Mirriam checking up on Rebecca
The following is an e-postcard from Kai Iizuka, a GlobalGiving Representative in Zambia.
Rebecca aged six is a double orphan living with her grandmother, Mary. The grandmother explained how she is the only one in the family earning income, and supports five to six members of the family by selling small packets of cobra wax colouring for five Ngwee each (about five cents). Having heard about the project after visiting the center, she put up Rebecca as a potential candidate as a beneficiary and was very relieved when she was chosen. The Matero Care Centre helps the family by paying for Rebecca’s medicine as well as occasionally providing a bag of mealie meal and even helping transport her to the hospital during emergencies. Other than that, they also helped supply Mary with fabrics to create table cloths to sell as she explained that she was now suffering from breathing problems, and selling the packs of cobra colouring was becoming harder and harder.

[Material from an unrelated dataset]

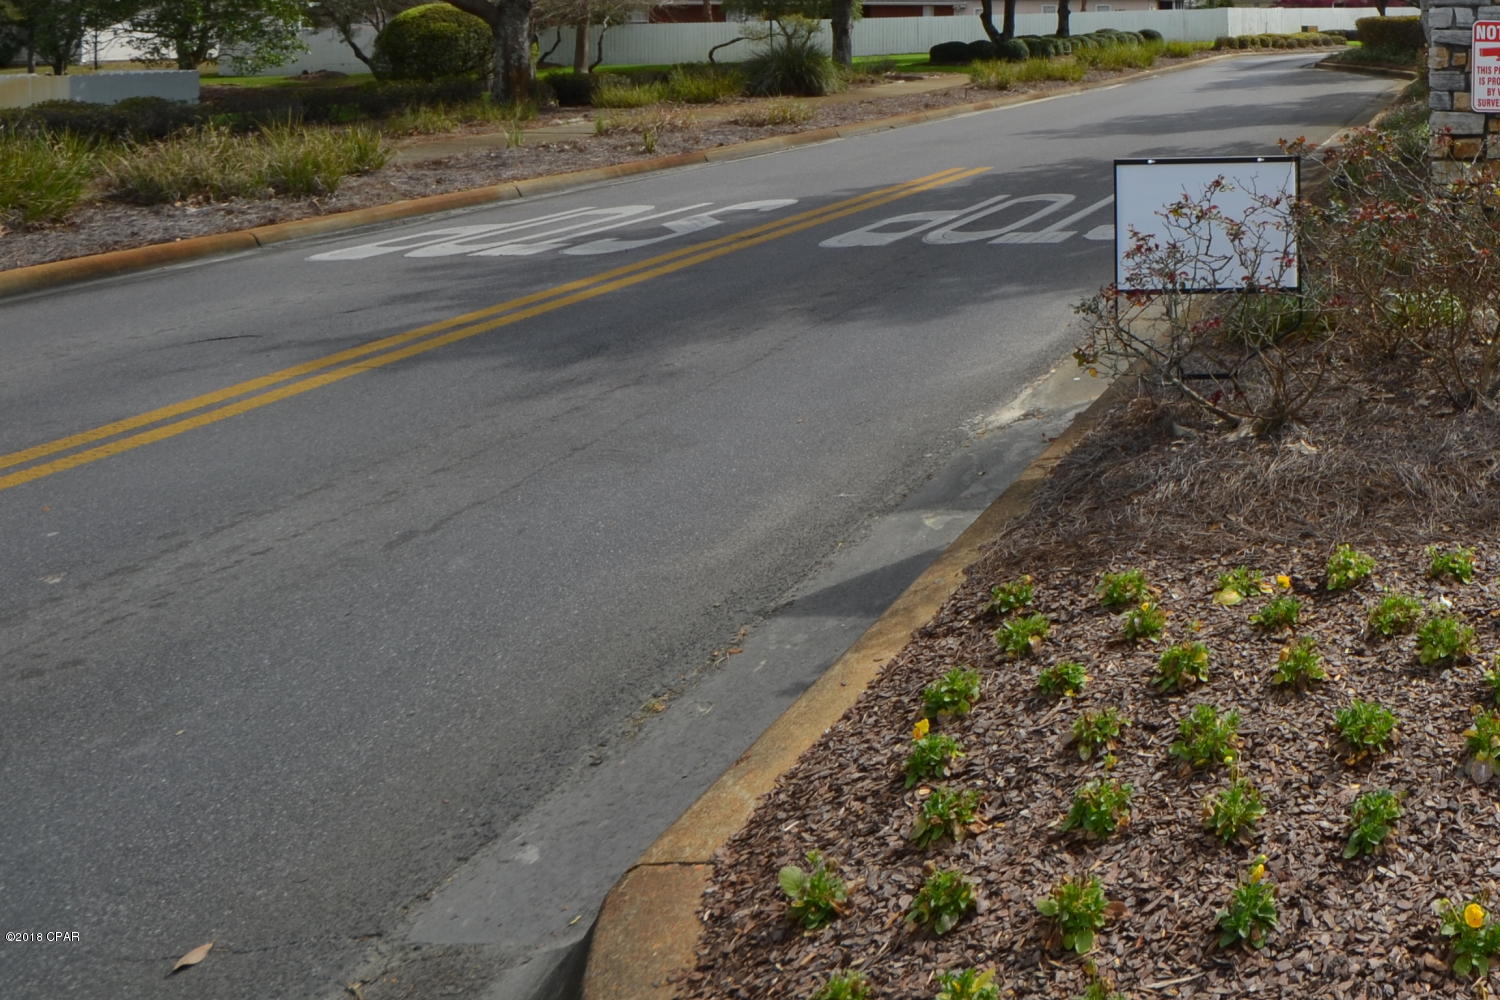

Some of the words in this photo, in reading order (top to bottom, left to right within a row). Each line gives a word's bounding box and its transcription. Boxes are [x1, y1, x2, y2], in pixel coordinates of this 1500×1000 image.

During the checkup, which is done on a regular basis ranging from once a month to twice a week depending on the severity of the child’s condition, Ms. Kanyanta Mirriam, who had kindly let me tag along to see how the organization went about checkups, started off by asking the family if there were any problems that may have cropped up since the last visit. From there she moved on to check the child for rashes that could indicate complications with HIV. After finding nothing, she pulled out a thermometer and a weighing scale from her handbag to check on the child’s overall fitness. Finally after the checkup she reviewed hygiene guidelines with the family and reminded them why it was important to keep a clean home as well as making sure to wash your hands and brush your teeth. It was all very comprehensive for a short visit, and Mirriam explained that she visited about three to four families every day to ensure that things were going fine.
On Saturday, I was invited to attend the SafePark activities that are hosted by the Matero Care Center every week from 9:00 till 11:00. This is where the children from nearby compounds are able to gather and take part in many fun but informative activities, and talk about their problems in a safe environment. There were about ninety children when I visited, ages ranging from four till about fourteen. For the first hour and a half, there were numerous physical activities such as dances, many Simon says-like games, and a form of duck-duck-goose. After this the children were split by age groups and discussed problems they were facing at home, or brushing up on what they should be doing for their day-to-day hygiene, and even how to know when they were being abused. One of the activities that stood out for me was the one where children were allowed to play with building blocks, and a lot of the times, this helped express problems that they were having at home. I was told that other days they also allow children to just draw or colour and that too helps with them expressing their personal feelings.